Moderated Discussion Areas
ContinuousWave: Whaler Performance
How to secure your boat in a slip / Knots
|Author||Topic: How to secure your boat in a slip / Knots|
posted 04-08-2004 09:23 AM ET (US)
I am new to boating. Last July when I took delivery of my first boat (now upgraded) the lines were already attached to the pilings etc in my rented slip when I took delivery. I never paid much attention on which knots were used, and why.
This season as I ready my slip, and have been researching the "hows", I came across this website and thought it might help other new boaters like myself.
posted 04-08-2004 09:42 AM ET (US)
The main problem I have with knots is not having enough choices, but having too many!
I use the following nots almost exclusively:
Fishermen's bend (=Anchor bend) (To tie line to a loop)
I do have a knot book for those more exotic knots and lashings.
posted 04-08-2004 10:22 AM ET (US)
I agree with you. What was great about the site is the animated diagrams when you click on the knot, ie bowline.
posted 04-08-2004 05:37 PM ET (US)
Did you make sure you had both bow and stern lines PLUS spring lines? most people neglect the spring lines - these are teh ones that pretty much take all the load.
Then all you need is a loop (spliced or bowline) in one end and tie it off to the dock at the other.
posted 04-08-2004 08:18 PM ET (US)
John is on the money splice eyes on the ends of your lines and pre adjust them on the dock side , then just slip em on the cleats . You can change them a little just by the way you hook them (around cleat, thru and around, one ear etc.
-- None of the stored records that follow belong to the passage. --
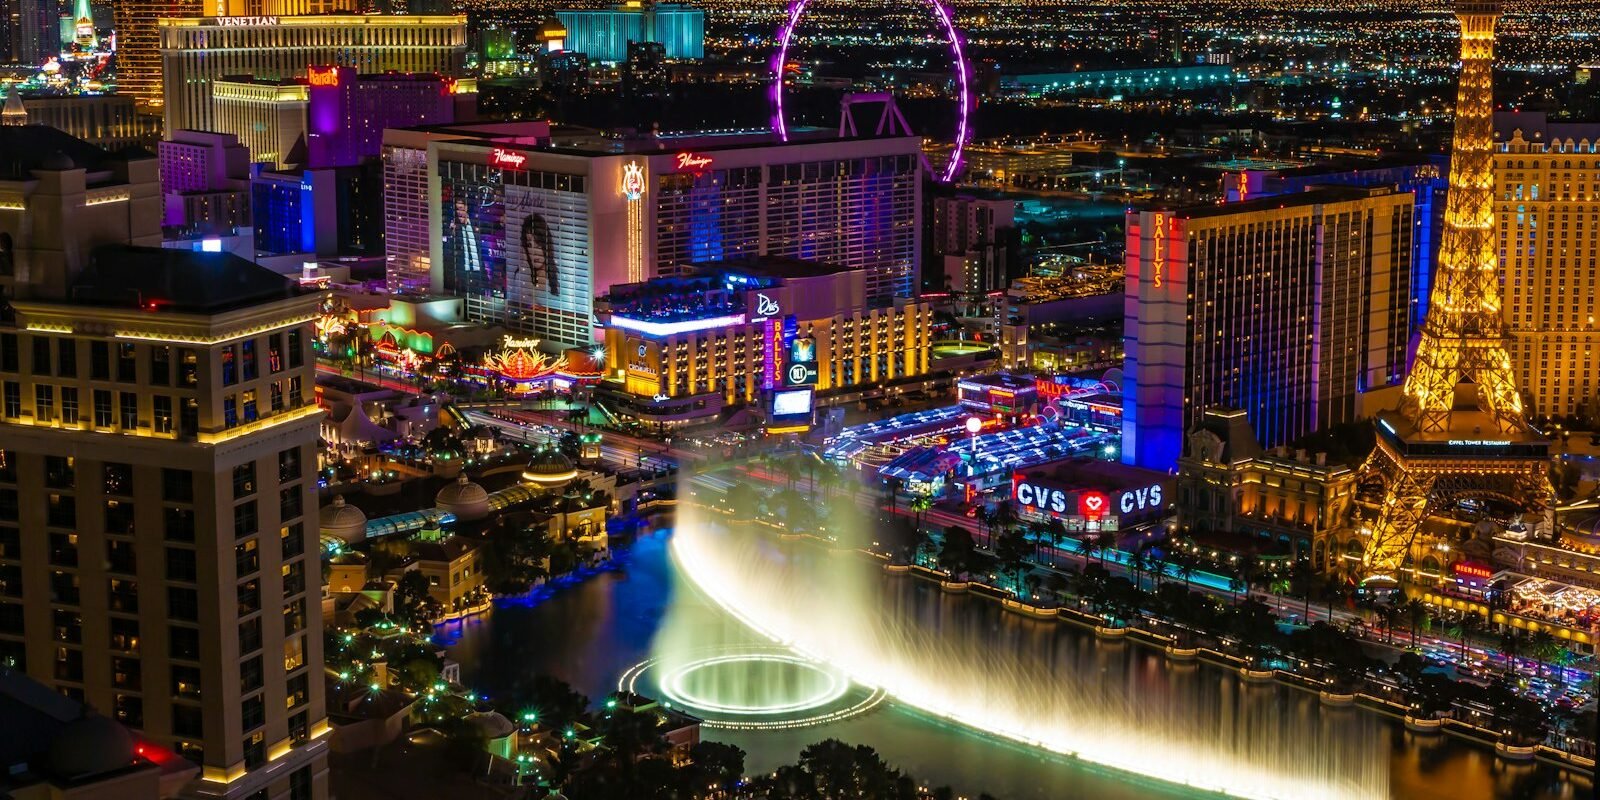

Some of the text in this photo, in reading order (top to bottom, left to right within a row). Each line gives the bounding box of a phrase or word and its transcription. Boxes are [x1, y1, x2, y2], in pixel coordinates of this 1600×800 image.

[217, 17, 277, 26] VENETIAN
[494, 149, 526, 167] Flamingo
[504, 335, 540, 351] Flamingo
[1037, 379, 1071, 396] BALLY'S
[1018, 483, 1066, 513] CVS
[1120, 484, 1162, 513] CVS
[1474, 568, 1491, 577] PARK
posted 04-09-2004 09:48 AM ET (US)
Given the apparently limited possibilities using just 3-4 lines, I am continually amazed at the endless variations that people can devise for securing a boat to a dock. Each boat, each dock, and each owner all seem to create unique situations.
Describing these in words is difficult. Diagrams and pictures are required. The best teaching aid is first-hand demonstration at your dock, with your lines, and your boat.
As in many areas of the recreation we call boating, their is an astonishing range of solutions. From old clothesline to the fanciest marlinspike, boats and owners are tied together by a spider web of rope.